┏━━

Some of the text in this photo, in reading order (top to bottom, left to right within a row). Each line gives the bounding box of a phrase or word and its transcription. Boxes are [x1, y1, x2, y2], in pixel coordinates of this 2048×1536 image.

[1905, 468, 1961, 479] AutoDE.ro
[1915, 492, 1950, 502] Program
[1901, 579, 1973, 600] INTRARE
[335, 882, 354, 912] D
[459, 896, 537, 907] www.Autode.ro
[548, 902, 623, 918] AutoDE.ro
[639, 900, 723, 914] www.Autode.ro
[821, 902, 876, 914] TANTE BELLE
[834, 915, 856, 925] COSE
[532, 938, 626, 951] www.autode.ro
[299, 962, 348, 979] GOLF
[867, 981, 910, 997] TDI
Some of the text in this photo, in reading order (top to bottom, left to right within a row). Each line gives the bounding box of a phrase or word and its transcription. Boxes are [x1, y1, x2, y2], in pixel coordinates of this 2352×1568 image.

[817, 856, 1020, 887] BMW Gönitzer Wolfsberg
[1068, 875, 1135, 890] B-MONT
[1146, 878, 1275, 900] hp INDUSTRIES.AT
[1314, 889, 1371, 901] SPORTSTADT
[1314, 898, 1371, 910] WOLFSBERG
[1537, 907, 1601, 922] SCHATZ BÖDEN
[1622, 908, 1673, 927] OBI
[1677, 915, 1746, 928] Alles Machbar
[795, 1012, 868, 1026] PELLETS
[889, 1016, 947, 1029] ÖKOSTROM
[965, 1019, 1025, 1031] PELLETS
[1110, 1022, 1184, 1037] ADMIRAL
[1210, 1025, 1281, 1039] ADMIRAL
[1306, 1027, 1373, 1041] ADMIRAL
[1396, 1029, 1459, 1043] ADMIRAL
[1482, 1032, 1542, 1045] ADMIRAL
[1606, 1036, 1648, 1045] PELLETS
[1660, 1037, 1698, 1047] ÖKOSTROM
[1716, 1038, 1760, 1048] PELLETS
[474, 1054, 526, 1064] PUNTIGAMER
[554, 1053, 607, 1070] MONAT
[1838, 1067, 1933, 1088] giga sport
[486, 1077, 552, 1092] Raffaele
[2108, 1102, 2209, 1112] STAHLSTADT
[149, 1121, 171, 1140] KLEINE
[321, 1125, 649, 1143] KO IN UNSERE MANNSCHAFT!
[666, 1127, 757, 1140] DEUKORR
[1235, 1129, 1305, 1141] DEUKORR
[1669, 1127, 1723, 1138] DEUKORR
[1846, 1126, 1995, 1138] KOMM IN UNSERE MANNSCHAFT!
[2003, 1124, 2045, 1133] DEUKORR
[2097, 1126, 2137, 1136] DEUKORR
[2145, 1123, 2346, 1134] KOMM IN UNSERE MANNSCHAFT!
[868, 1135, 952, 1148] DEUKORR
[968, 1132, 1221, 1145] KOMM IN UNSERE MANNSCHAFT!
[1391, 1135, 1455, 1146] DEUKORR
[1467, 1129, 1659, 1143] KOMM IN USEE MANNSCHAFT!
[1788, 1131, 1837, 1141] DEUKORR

┗━━

Exercise directions.
Write the whole listing out again exactly.

Response.
Some of the text in this photo, in reading order (top to bottom, left to right within a row). Each line gives the bounding box of a phrase or word and its transcription. Boxes are [x1, y1, x2, y2], in pixel coordinates of this 2048×1536 image.

[1905, 468, 1961, 479] AutoDE.ro
[1915, 492, 1950, 502] Program
[1901, 579, 1973, 600] INTRARE
[335, 882, 354, 912] D
[459, 896, 537, 907] www.Autode.ro
[548, 902, 623, 918] AutoDE.ro
[639, 900, 723, 914] www.Autode.ro
[821, 902, 876, 914] TANTE BELLE
[834, 915, 856, 925] COSE
[532, 938, 626, 951] www.autode.ro
[299, 962, 348, 979] GOLF
[867, 981, 910, 997] TDI
Some of the text in this photo, in reading order (top to bottom, left to right within a row). Each line gives the bounding box of a phrase or word and its transcription. Boxes are [x1, y1, x2, y2], in pixel coordinates of this 2352×1568 image.

[817, 856, 1020, 887] BMW Gönitzer Wolfsberg
[1068, 875, 1135, 890] B-MONT
[1146, 878, 1275, 900] hp INDUSTRIES.AT
[1314, 889, 1371, 901] SPORTSTADT
[1314, 898, 1371, 910] WOLFSBERG
[1537, 907, 1601, 922] SCHATZ BÖDEN
[1622, 908, 1673, 927] OBI
[1677, 915, 1746, 928] Alles Machbar
[795, 1012, 868, 1026] PELLETS
[889, 1016, 947, 1029] ÖKOSTROM
[965, 1019, 1025, 1031] PELLETS
[1110, 1022, 1184, 1037] ADMIRAL
[1210, 1025, 1281, 1039] ADMIRAL
[1306, 1027, 1373, 1041] ADMIRAL
[1396, 1029, 1459, 1043] ADMIRAL
[1482, 1032, 1542, 1045] ADMIRAL
[1606, 1036, 1648, 1045] PELLETS
[1660, 1037, 1698, 1047] ÖKOSTROM
[1716, 1038, 1760, 1048] PELLETS
[474, 1054, 526, 1064] PUNTIGAMER
[554, 1053, 607, 1070] MONAT
[1838, 1067, 1933, 1088] giga sport
[486, 1077, 552, 1092] Raffaele
[2108, 1102, 2209, 1112] STAHLSTADT
[149, 1121, 171, 1140] KLEINE
[321, 1125, 649, 1143] KO IN UNSERE MANNSCHAFT!
[666, 1127, 757, 1140] DEUKORR
[1235, 1129, 1305, 1141] DEUKORR
[1669, 1127, 1723, 1138] DEUKORR
[1846, 1126, 1995, 1138] KOMM IN UNSERE MANNSCHAFT!
[2003, 1124, 2045, 1133] DEUKORR
[2097, 1126, 2137, 1136] DEUKORR
[2145, 1123, 2346, 1134] KOMM IN UNSERE MANNSCHAFT!
[868, 1135, 952, 1148] DEUKORR
[968, 1132, 1221, 1145] KOMM IN UNSERE MANNSCHAFT!
[1391, 1135, 1455, 1146] DEUKORR
[1467, 1129, 1659, 1143] KOMM IN USEE MANNSCHAFT!
[1788, 1131, 1837, 1141] DEUKORR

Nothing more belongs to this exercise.